Deep Dive Into Instacart's Machine Learning Platform

🌙 Hello world ☀️ 

The 2023 State of JS survey is still open for another week (ends December 12) and helps the JavaScript community measure popularity of current features and new trends. Take the survey here.

In this week’s email:

  • Machine Learning: Deep dive into Griffin 2.0, the core of Instacart’s ML platform.

  • JavaScript: Learn hands-on how modern JavaScript frameworks work.

  • React: A router-driven approach to building React applications.

  • HTML/CSS: Five new modern web development features.

  • Internet Trends: How Black Friday and Cyber Monday affect internet traffic.

The best way to predict the future is to invent it.

Alan Kay

Created with Midjourney


Machine learning is essential to Instacart’s platform, the core of nearly every product and operational innovation at the company. The technology is used to:

  1. Enhance customer experience by matching customer preferences with suitable choices from a catalog containing over 1 billion products.

  2. Optimize the efficiency of over 600,000 shoppers, enabling swift delivery to millions of customers across the US and Canada.

  3. Integrate artificial intelligence into the Instacart platform, enhancing support for over 800 retailers across 70,000 stores in more than 5,500 cities throughout the US and Canada.

  4. Facilitates connections between over 5,000 brand partners and potential customers.

In order to create a seamless shopping experience that also handles the day-to-day scalability challenges, the machine learning infrastructure team created Griffin, Instacart’s MLOps Platform.

Shortcomings of Griffin 1.0

Griffin 1.0 at Instacart, while comprehensive for end-to-end ML, revealed several limitations that led to the development of Griffin 2.0.

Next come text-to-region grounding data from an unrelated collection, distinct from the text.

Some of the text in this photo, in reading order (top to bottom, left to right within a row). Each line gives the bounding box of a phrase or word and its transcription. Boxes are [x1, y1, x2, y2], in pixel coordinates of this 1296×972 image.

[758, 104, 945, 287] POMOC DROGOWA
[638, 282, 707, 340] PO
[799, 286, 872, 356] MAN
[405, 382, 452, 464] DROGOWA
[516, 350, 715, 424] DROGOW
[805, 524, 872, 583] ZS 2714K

These included a steep learning curve with complex in-house command-line tools, a complicated deployment process involving AWS ECS, and the need for specialized system tuning.

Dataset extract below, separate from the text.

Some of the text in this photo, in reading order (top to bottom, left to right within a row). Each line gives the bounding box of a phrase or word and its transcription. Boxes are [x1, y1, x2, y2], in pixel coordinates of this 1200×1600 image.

It also lacked standardization, relying heavily on GitHub PRs for multiple tasks, and had unoptimized scalability, with limited horizontal scalability and an insufficient model registry for high query volumes.

Furthermore, Griffin 1.0 offered a fragmented user experience due to multiple third-party integrations and had inadequate metadata management for training and deployment.

Development of Griffin 2.0

In developing Griffin 2.0's Machine Learning Training Platform (MLTP), the goal was to create a unified, centralized platform for machine learning engineers (MLEs) to easily create, track, and manage training workloads.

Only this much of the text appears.